▸ Exercise requirements
An exact copy of every entry is the answer here, with no pictures.
** Dataset records follows **
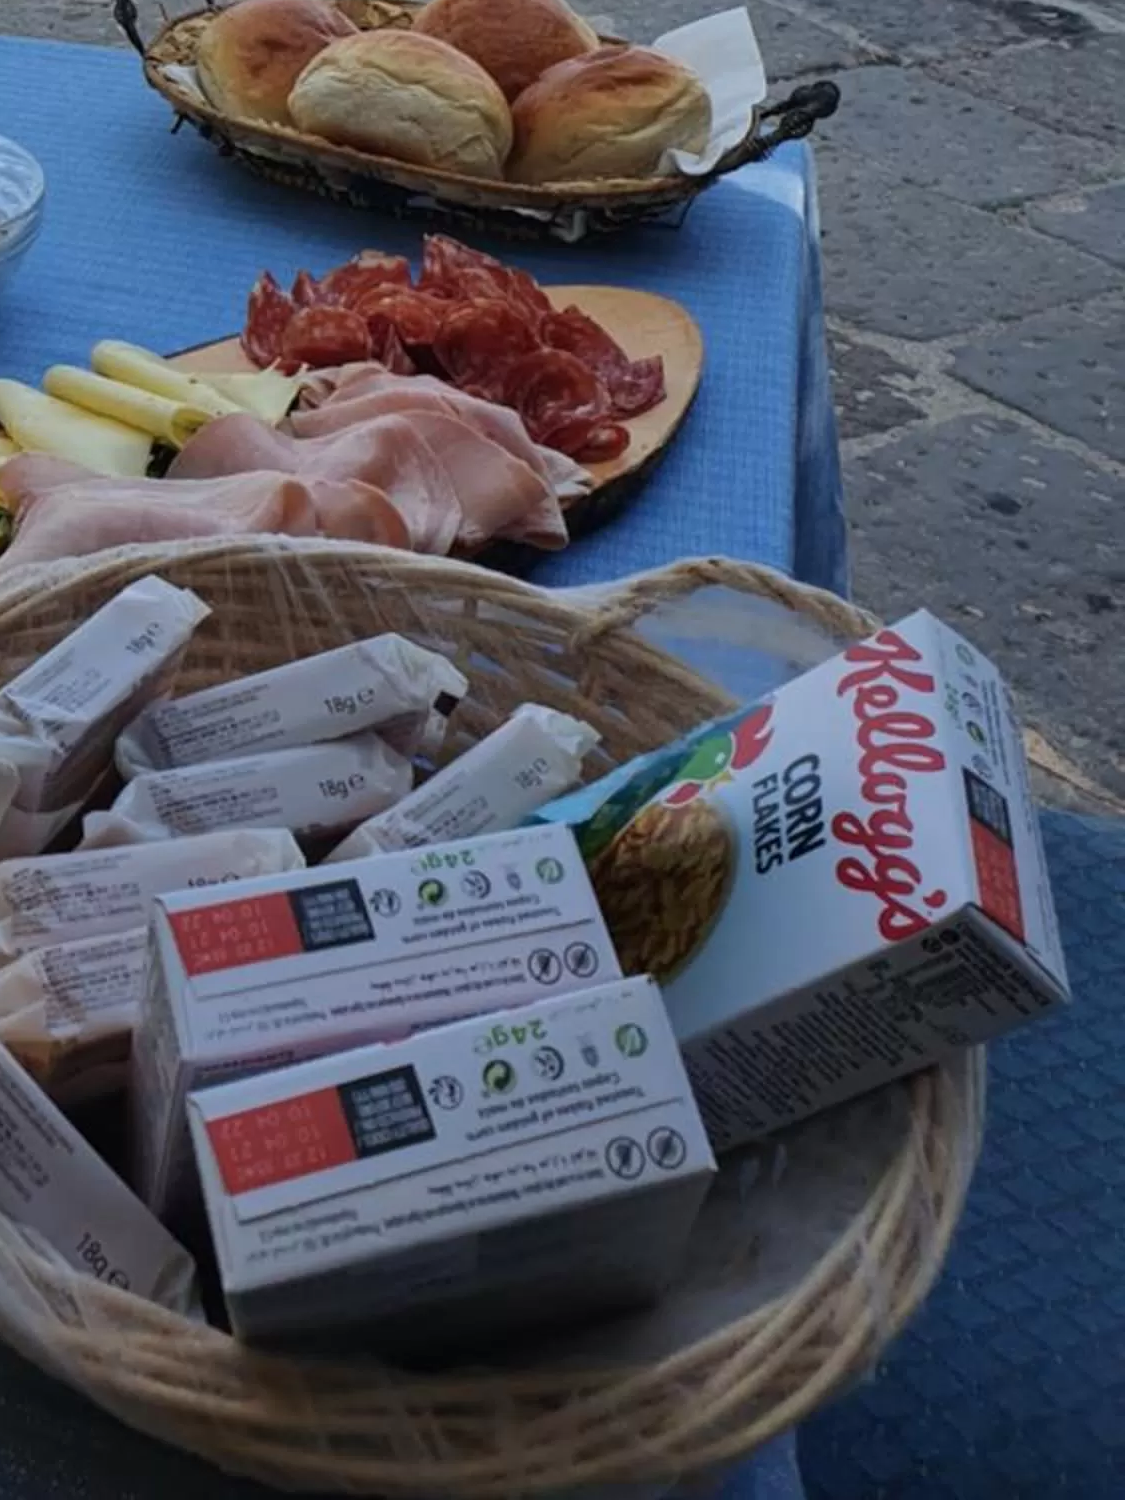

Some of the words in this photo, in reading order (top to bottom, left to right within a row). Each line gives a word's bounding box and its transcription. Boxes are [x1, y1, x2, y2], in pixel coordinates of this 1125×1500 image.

[751, 773, 784, 876] FLAKES
[782, 753, 827, 861] CORN
[831, 629, 947, 942] Kellogg's
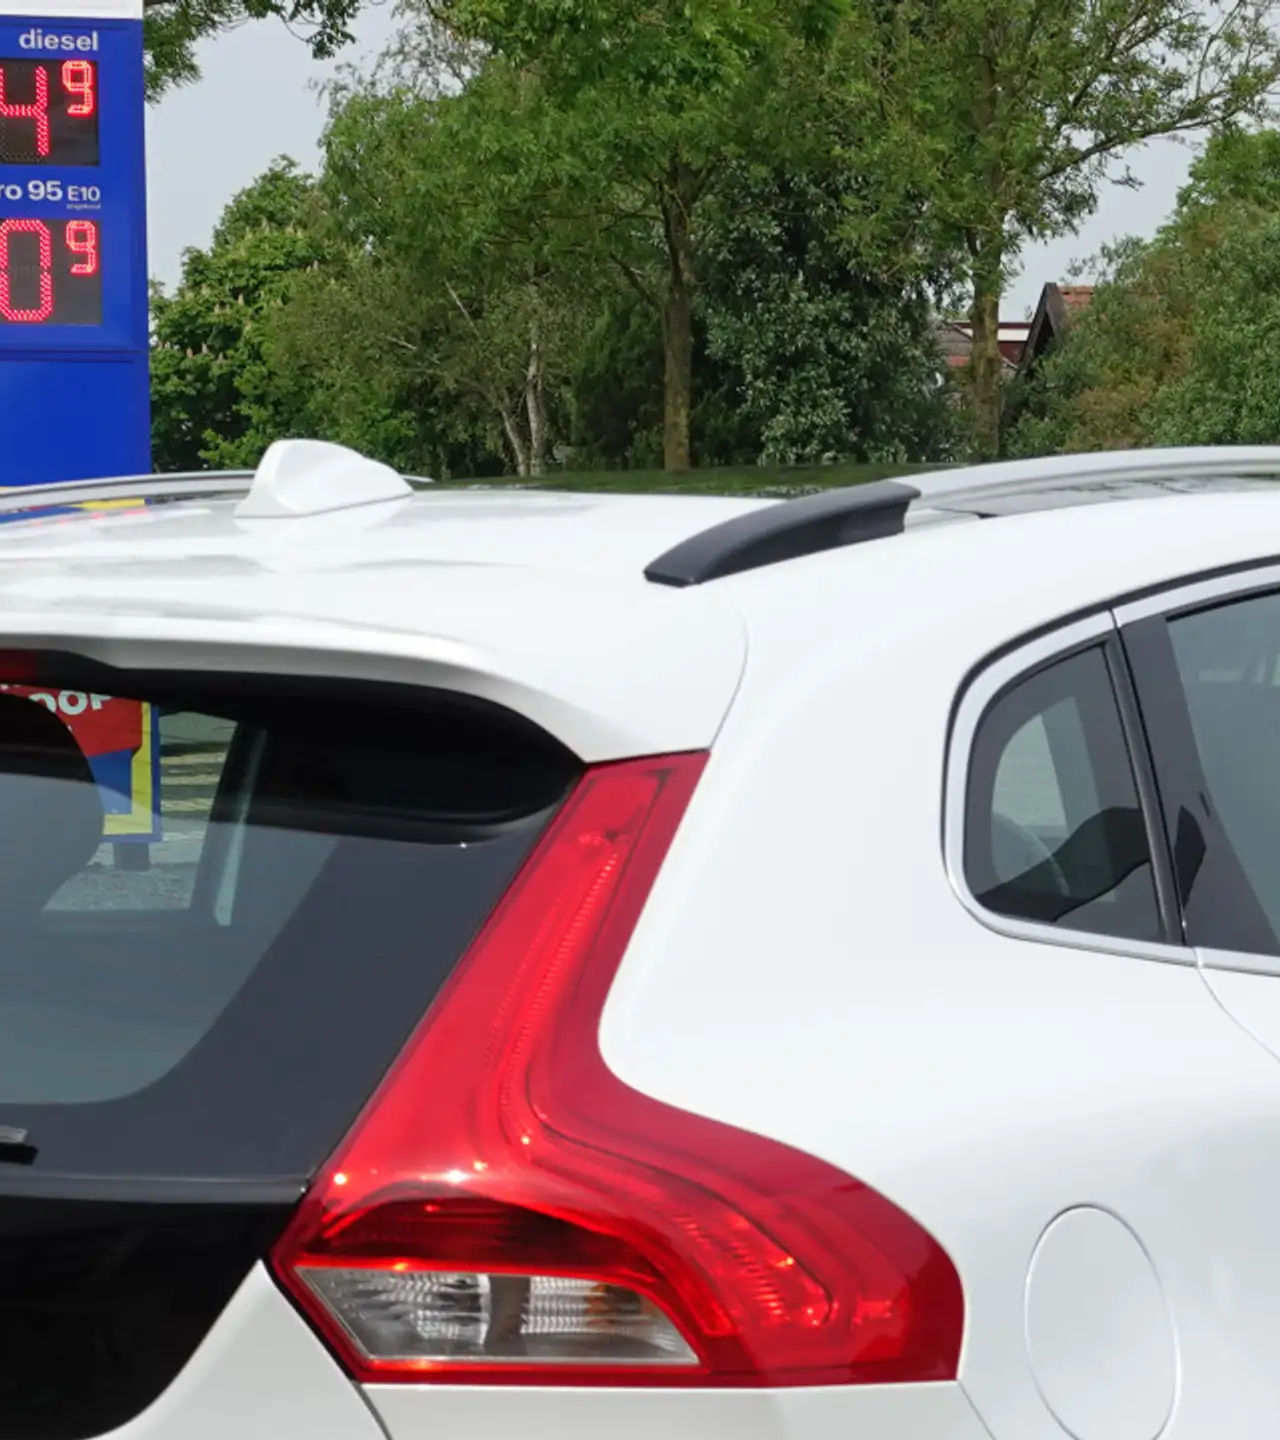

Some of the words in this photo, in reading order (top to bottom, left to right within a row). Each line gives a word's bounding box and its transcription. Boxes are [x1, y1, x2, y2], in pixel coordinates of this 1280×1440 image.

[19, 28, 99, 51] diesel
[28, 180, 63, 201] 95
[67, 186, 101, 201] E10
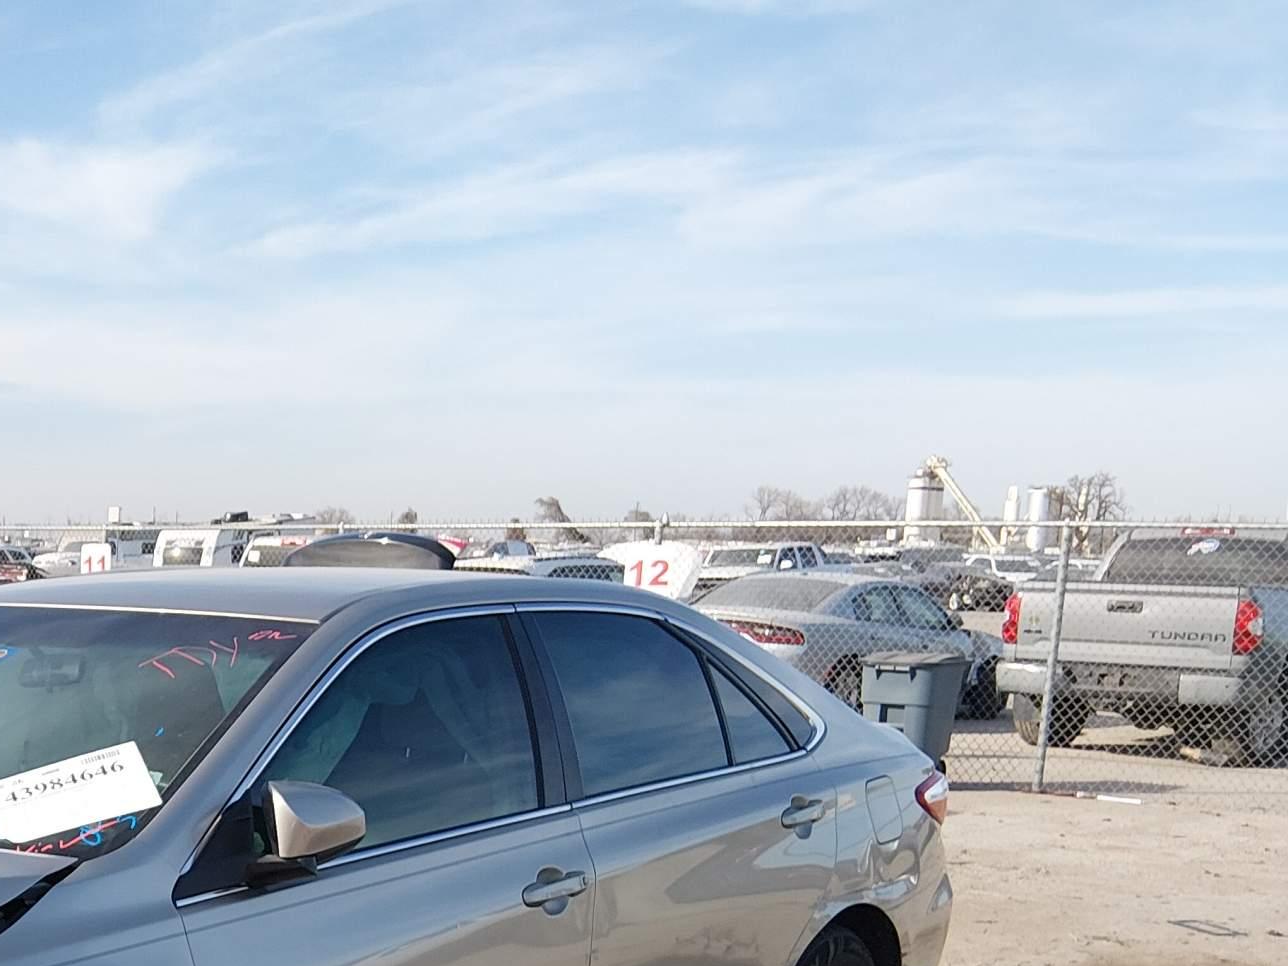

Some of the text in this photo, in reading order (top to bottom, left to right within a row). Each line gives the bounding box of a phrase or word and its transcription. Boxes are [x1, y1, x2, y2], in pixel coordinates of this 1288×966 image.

[83, 555, 105, 576] 11
[629, 559, 669, 588] 12
[1147, 629, 1227, 643] TUNDRA
[5, 760, 124, 802] 43984646
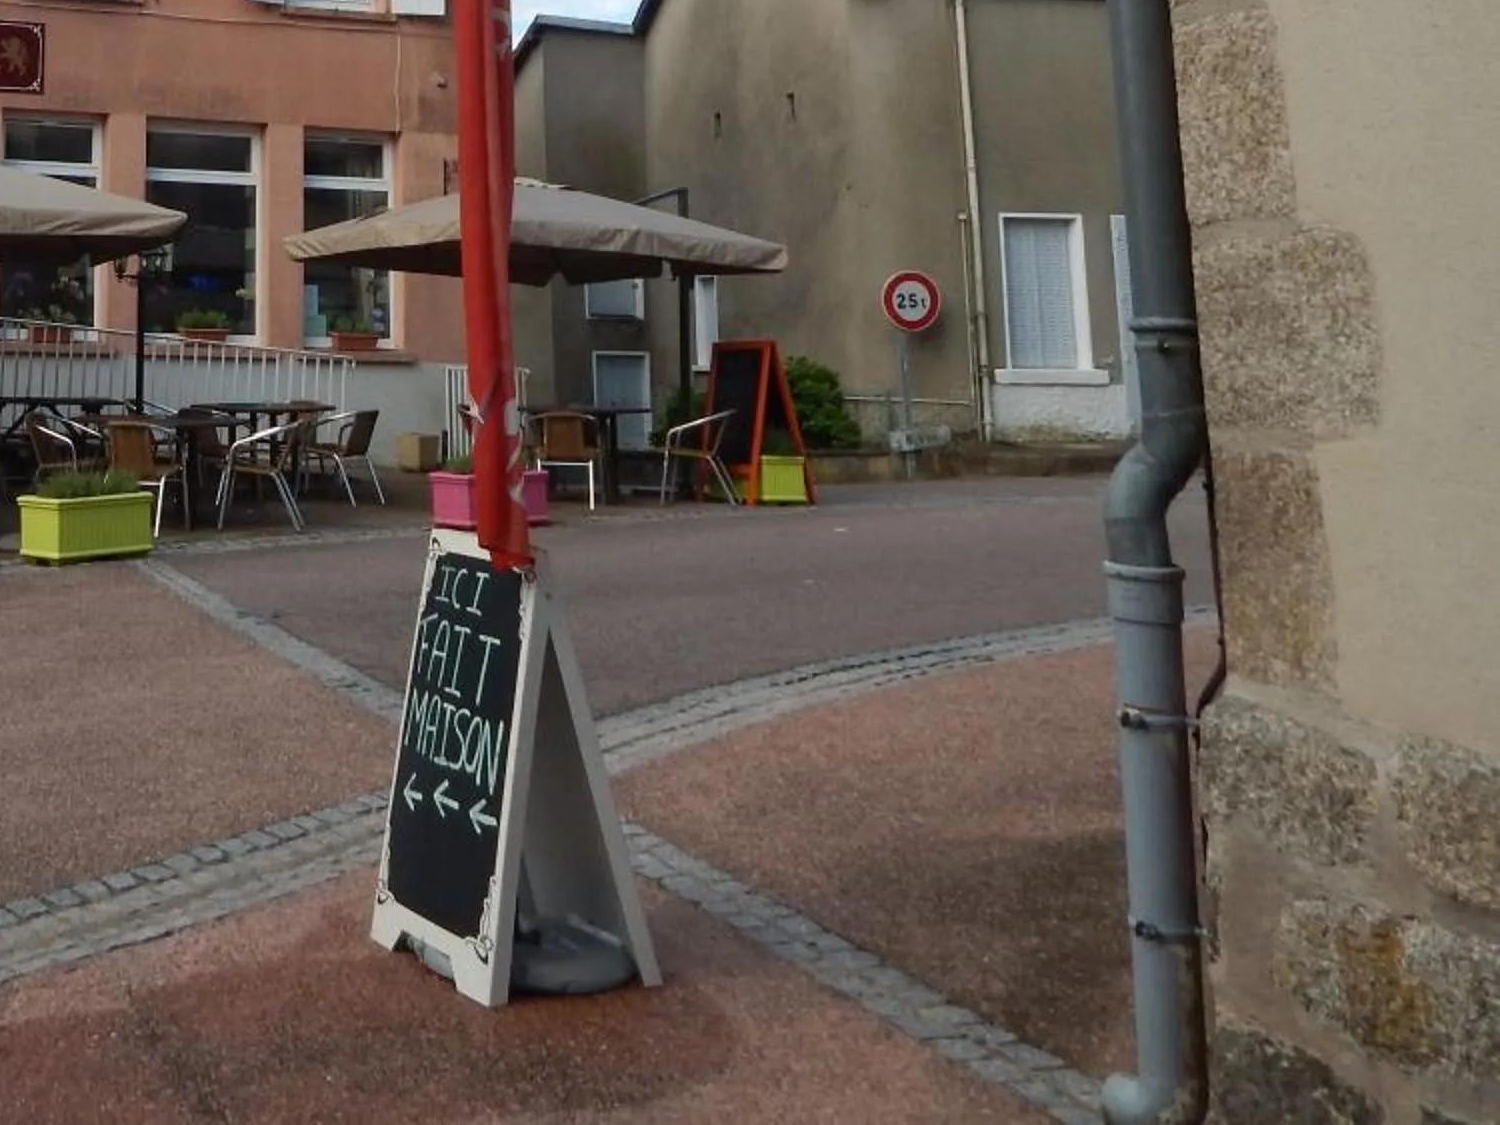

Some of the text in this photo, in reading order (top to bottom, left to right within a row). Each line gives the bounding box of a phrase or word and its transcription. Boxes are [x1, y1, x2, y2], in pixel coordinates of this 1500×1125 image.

[434, 565, 490, 616] ICI
[416, 612, 501, 707] FAIT
[404, 686, 504, 795] MAISON
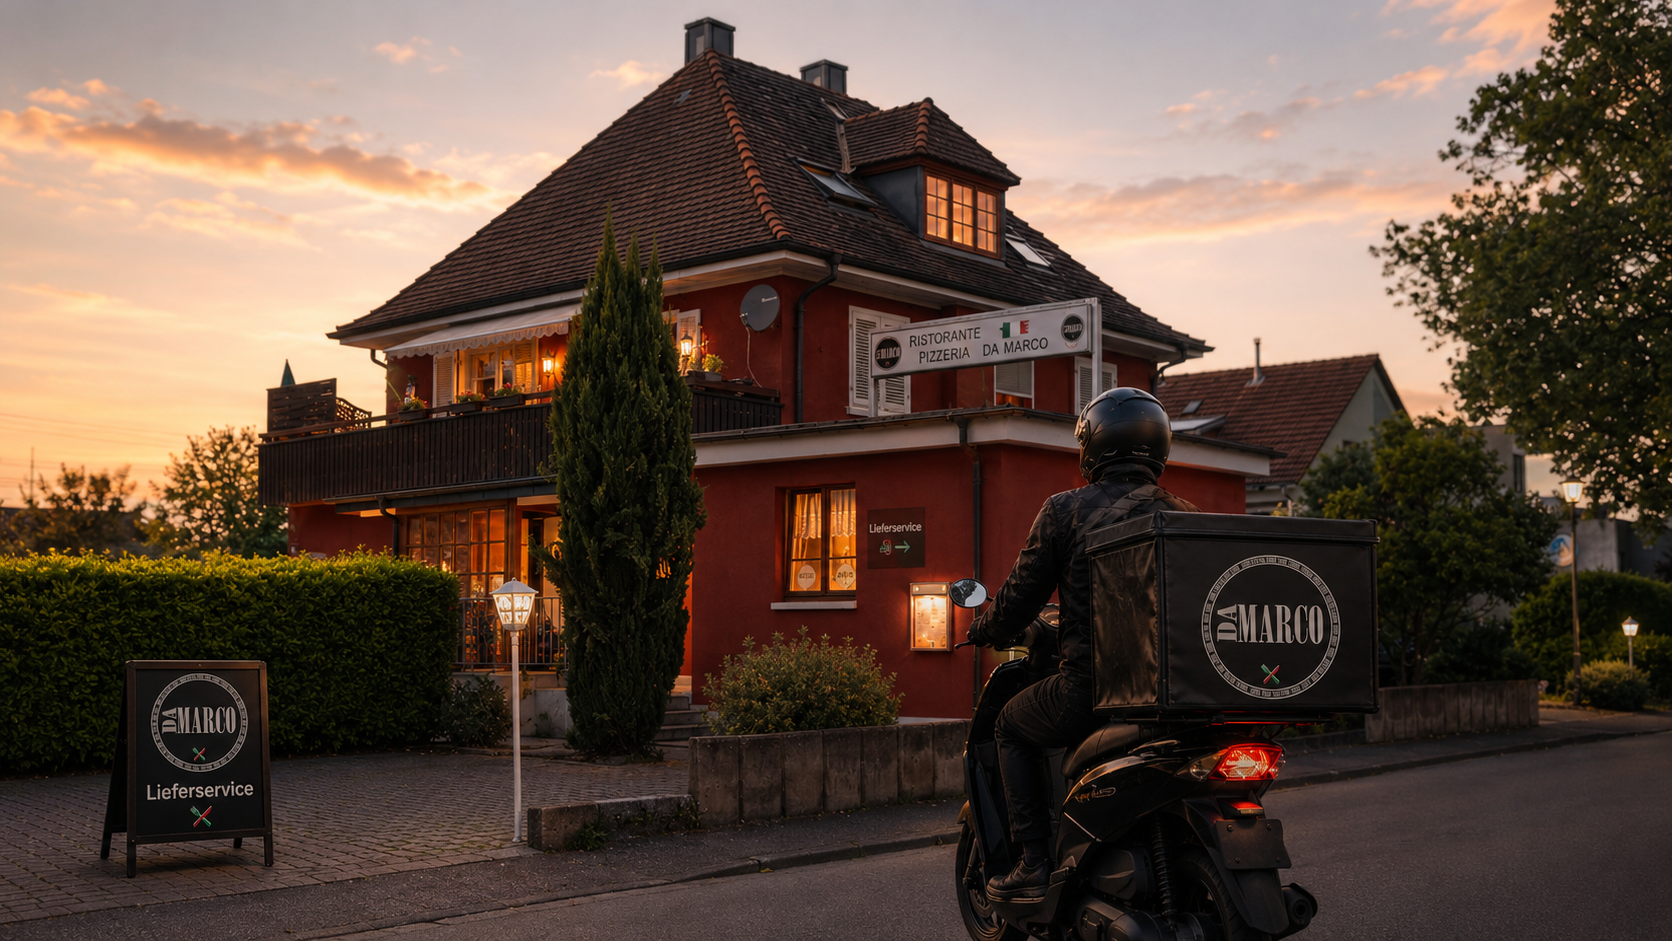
** End of Dataset records **
▸ Exercise output
Some of the words in this photo, in reading order (top to bottom, left to right within a row). Each line gives a word's bounding box and its transcription. Boxes are [x1, y1, x2, y2], in pixel coordinates of this 1125×1500 image.

[751, 773, 784, 876] FLAKES
[782, 753, 827, 861] CORN
[831, 629, 947, 942] Kellogg's

Some of the words in this photo, in reading order (top to bottom, left to right within a row). Each line gives a word's bounding box and its transcription. Boxes are [x1, y1, x2, y2], in pixel coordinates of this 1280×1440 image.

[19, 28, 99, 51] diesel
[28, 180, 63, 201] 95
[67, 186, 101, 201] E10

Some of the text in this photo, in reading order (top to bottom, left to right within a row). Each line gives the bounding box of a phrase or word and its transcription. Boxes are [x1, y1, x2, y2], in pixel coordinates of this 1288×966 image.

[83, 555, 105, 576] 11
[629, 559, 669, 588] 12
[1147, 629, 1227, 643] TUNDRA
[5, 760, 124, 802] 43984646

Some of the text in this photo, in reading order (top to bottom, left to right within a row). Each line gives the bounding box of a phrase or word and its transcription. Boxes are [x1, y1, x2, y2], in pixel coordinates of this 1500×1125 image.

[434, 565, 490, 616] ICI
[416, 612, 501, 707] FAIT
[404, 686, 504, 795] MAISON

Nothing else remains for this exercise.